They claimed this, also:

From today we introduce moderation and check each company that our partners want to encrypt to avoid social consequences in the future.

Right. And they have some bridges across the Reka Vop’ to sell us, also. All illegal behavior, much less terrorist behavior, if left unanswered has social consequences.

No, these…personages…have simply applied a Willy Sutton tenet to their terrorism:

Go where the money is. Go there often.

Our Federal government, actively aided by our State governments, need to get aggressive with active responses to such attacks. The time for passivity, for merely acting defensively after the fact, is long past. Terrorists, physical or cyber, network entities or state-sponsored, need to be burned to the ground.

The negligence of company CEOs, COOs, and CIOs, including those officers at Colonial Pipeline, in not being serious about hardening their systems, also badly wants sanction.

Other Implications

Automakers are starting to adjust their level of dependence on Just in Time manufacturing, a technique whereby manufacturers vastly reduce inventory holding costs by having the relevant inputs—car parts, for instance—arrive at the factory just before they’re needed.
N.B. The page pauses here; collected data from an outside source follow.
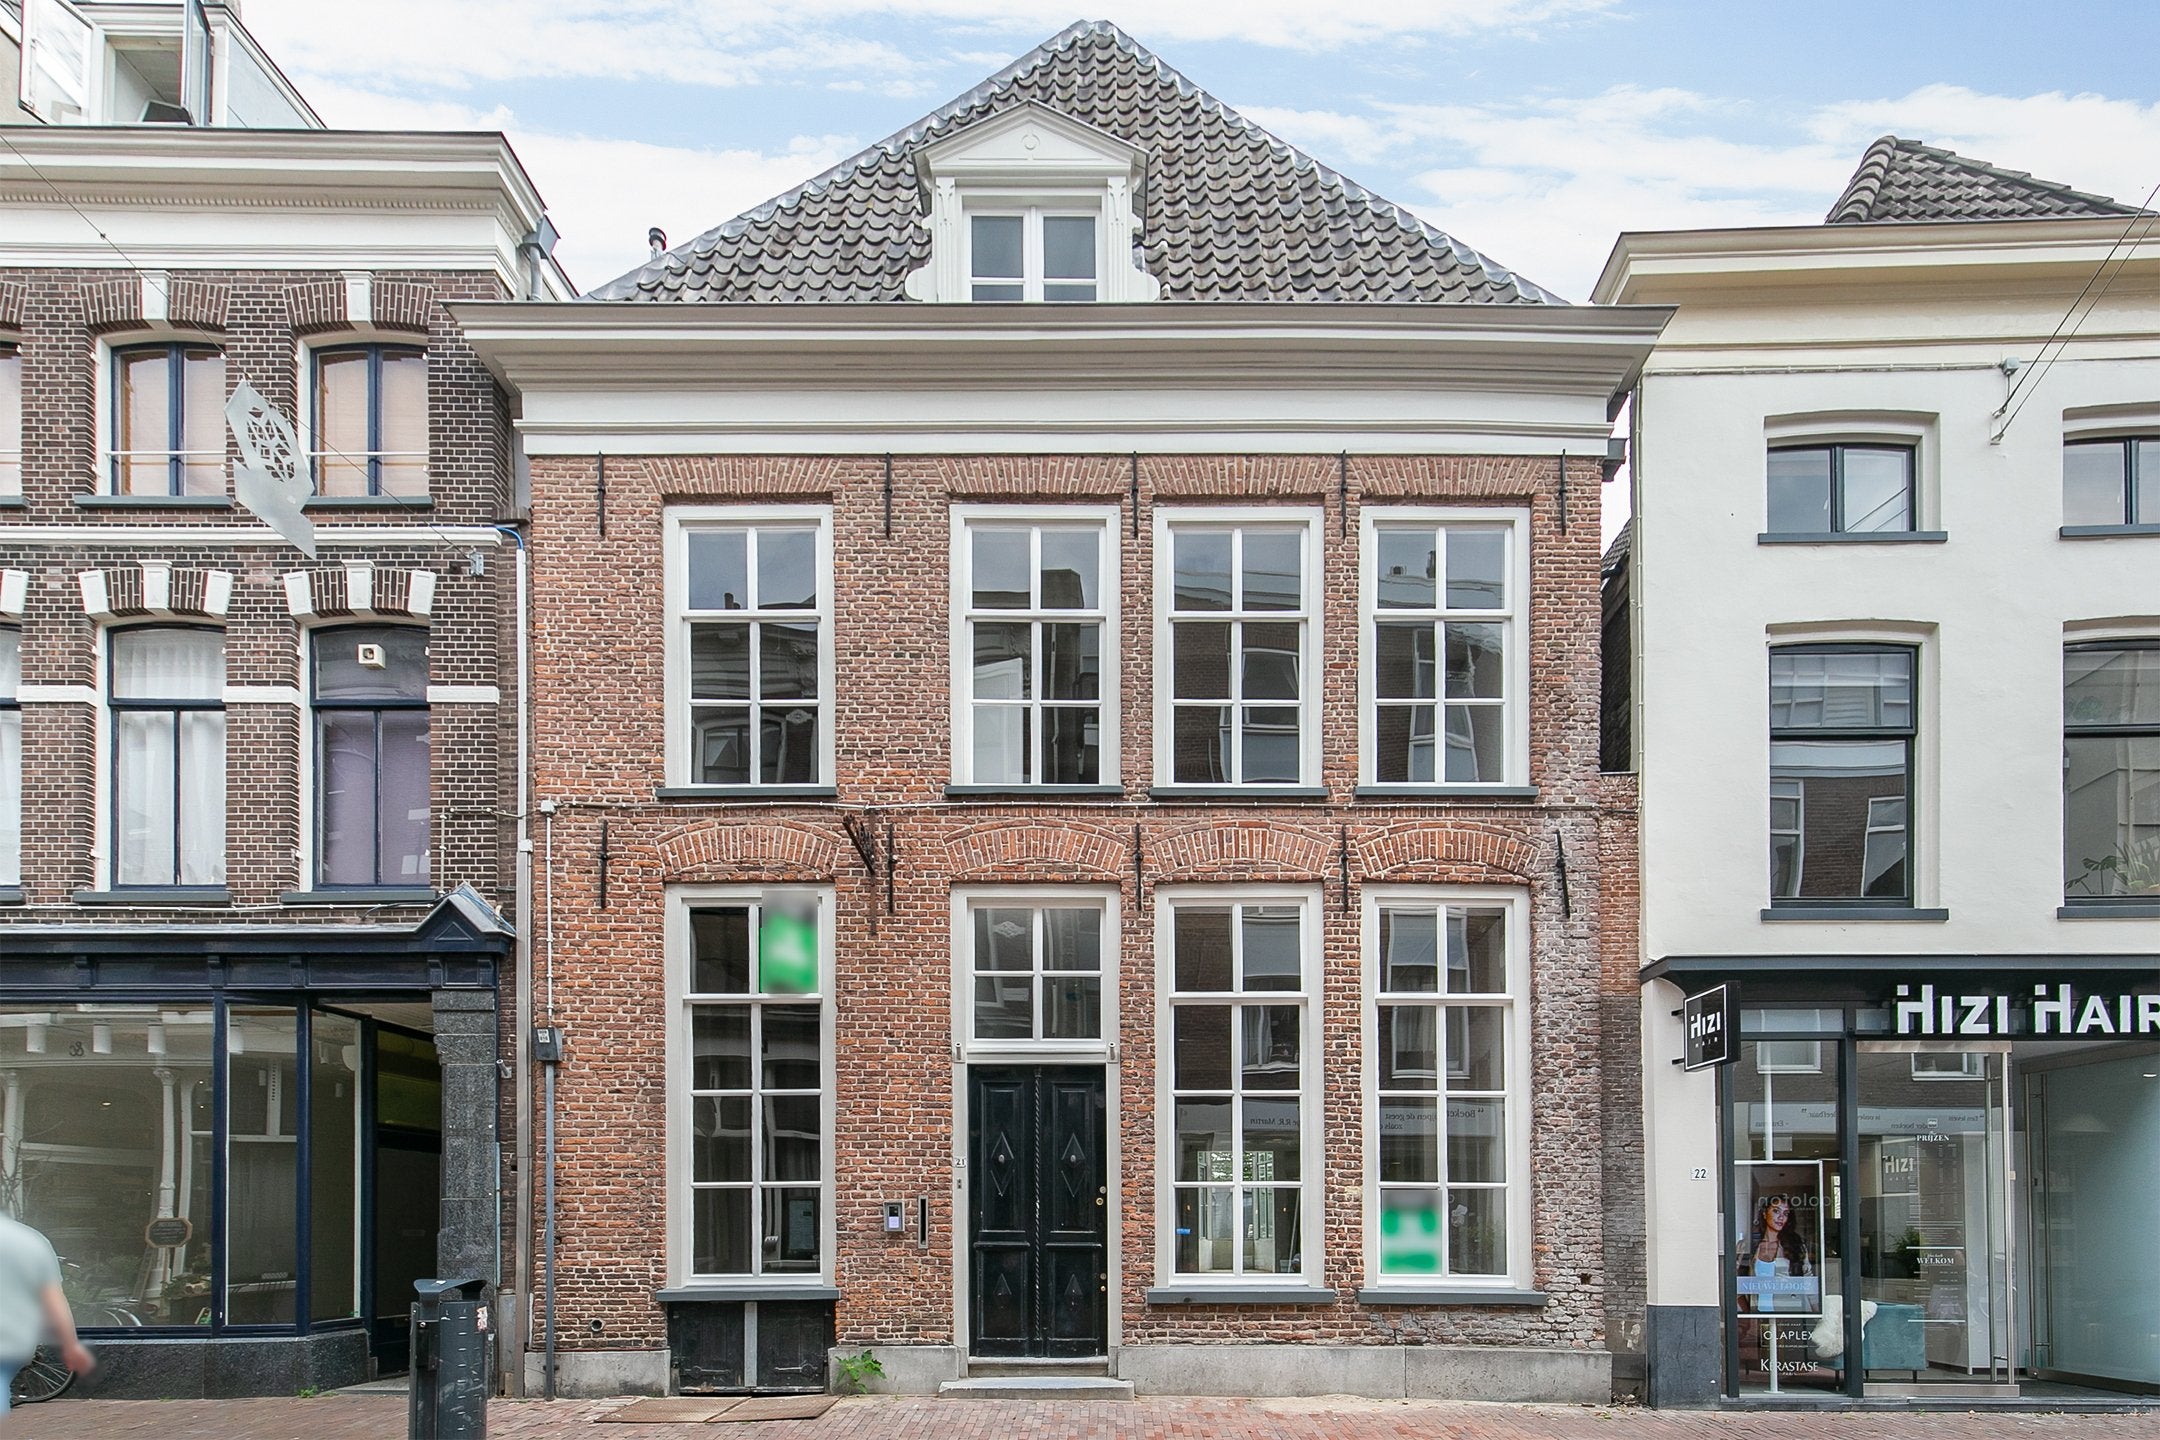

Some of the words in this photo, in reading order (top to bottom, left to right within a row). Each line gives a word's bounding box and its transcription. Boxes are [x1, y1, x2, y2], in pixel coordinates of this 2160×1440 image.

[1896, 984, 2009, 1034] HIZI
[1690, 1011, 1721, 1039] HIZI
[956, 1158, 965, 1166] 21
[1694, 1168, 1707, 1179] 22
[1742, 1282, 1777, 1291] NIEUWE
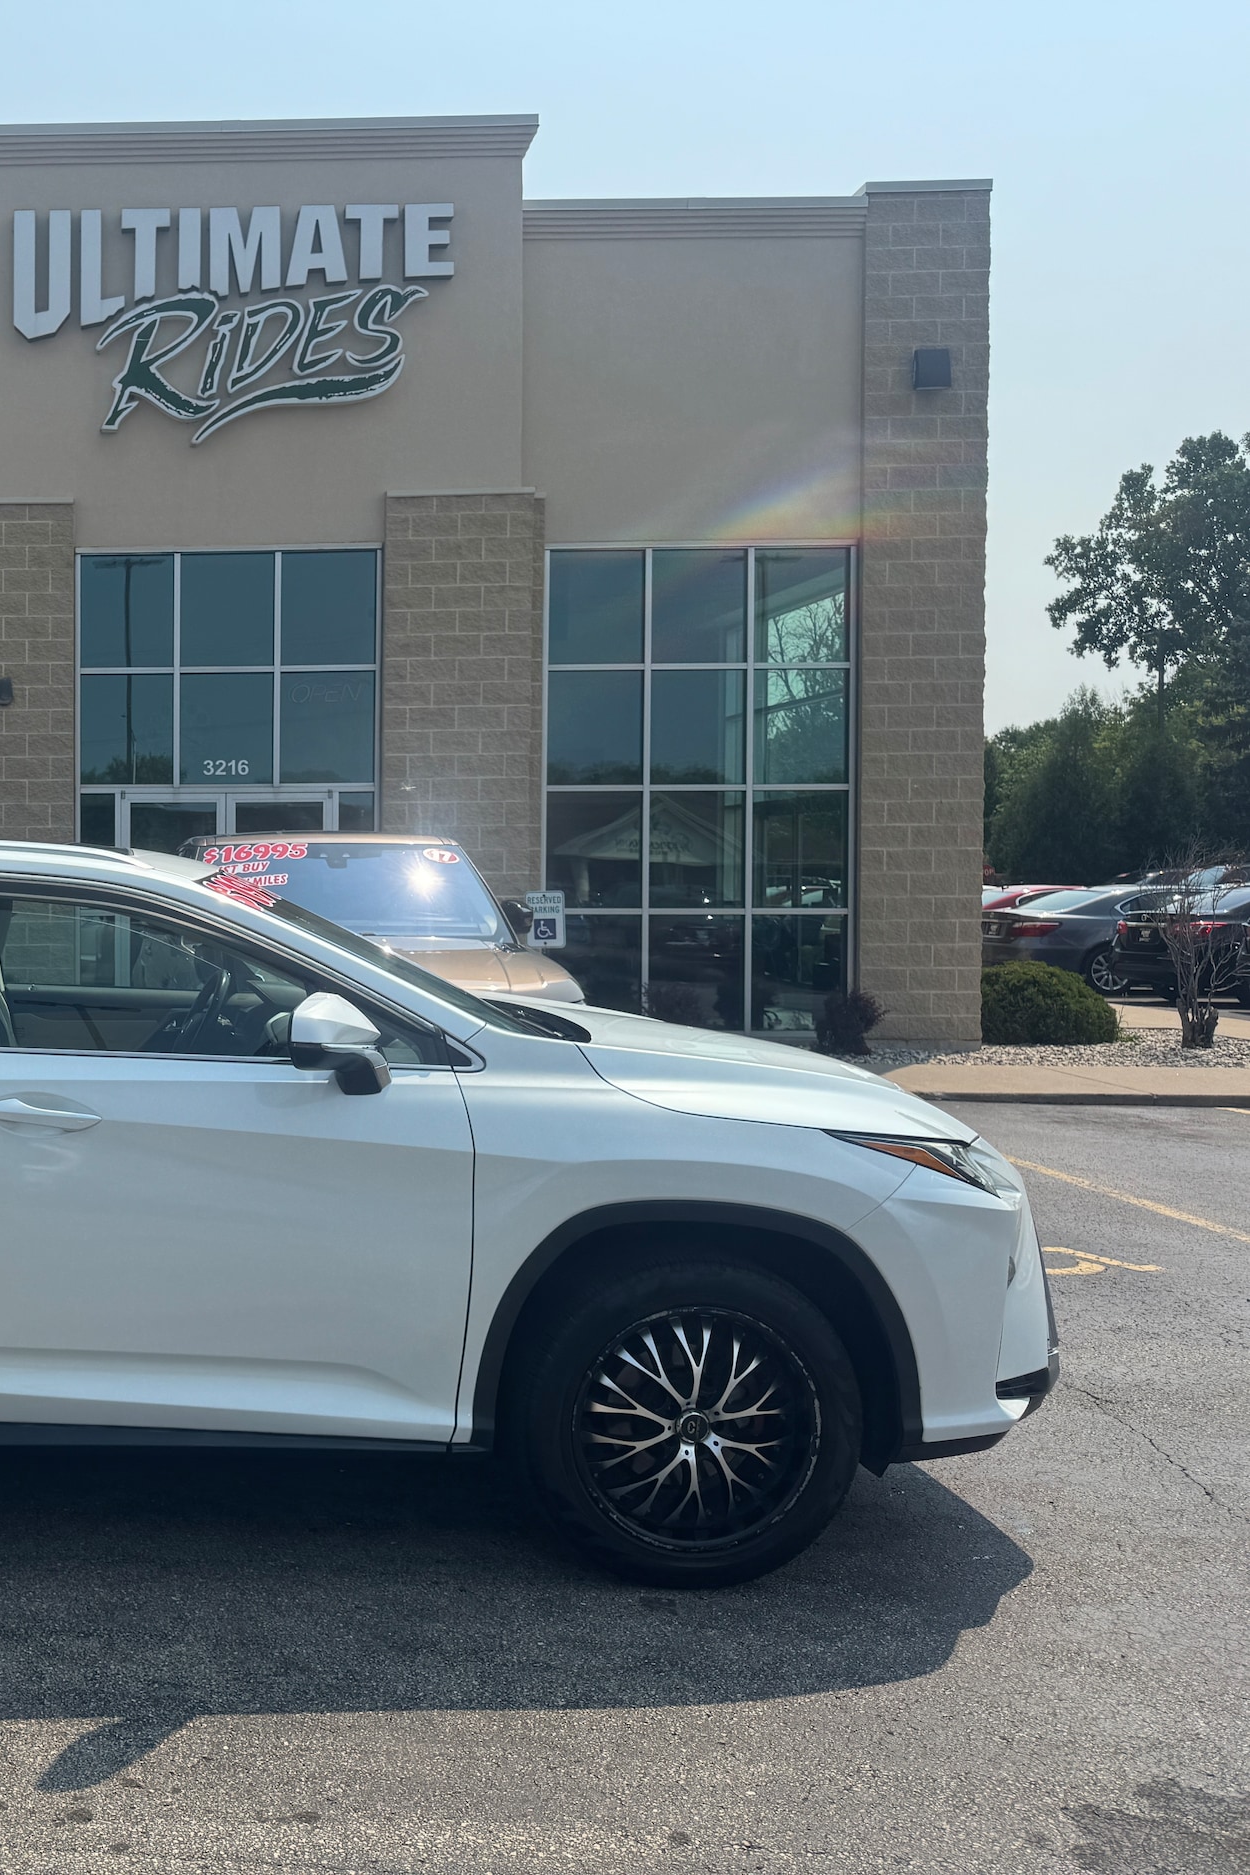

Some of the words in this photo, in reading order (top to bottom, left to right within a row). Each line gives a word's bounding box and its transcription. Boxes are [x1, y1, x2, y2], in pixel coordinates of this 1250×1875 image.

In some of the more extreme cases, that includes arriving on the moving assembly line just before it’s needed for addition to the growing product.

The hyperefficient auto supply chain symbolized by the words “just in time” is undergoing its biggest transformation in more than half a century, accelerated by the troubles car makers have suffered during the pandemic. After sudden swings in demand, freak weather, and a series of accidents, they are reassessing their basic assumption that they could always get the parts they needed when they needed them.
“The just-in-time model is designed for supply chain efficiencies and economies of scale,” said Ashwani Gupta, Nissan Motor Co’s chief operating officer. “The repercussions of an unprecedented crisis like Covid highlight the fragility of our supply-chain model.”

That’s true, and it’s also good that that fragility finally is being taken seriously.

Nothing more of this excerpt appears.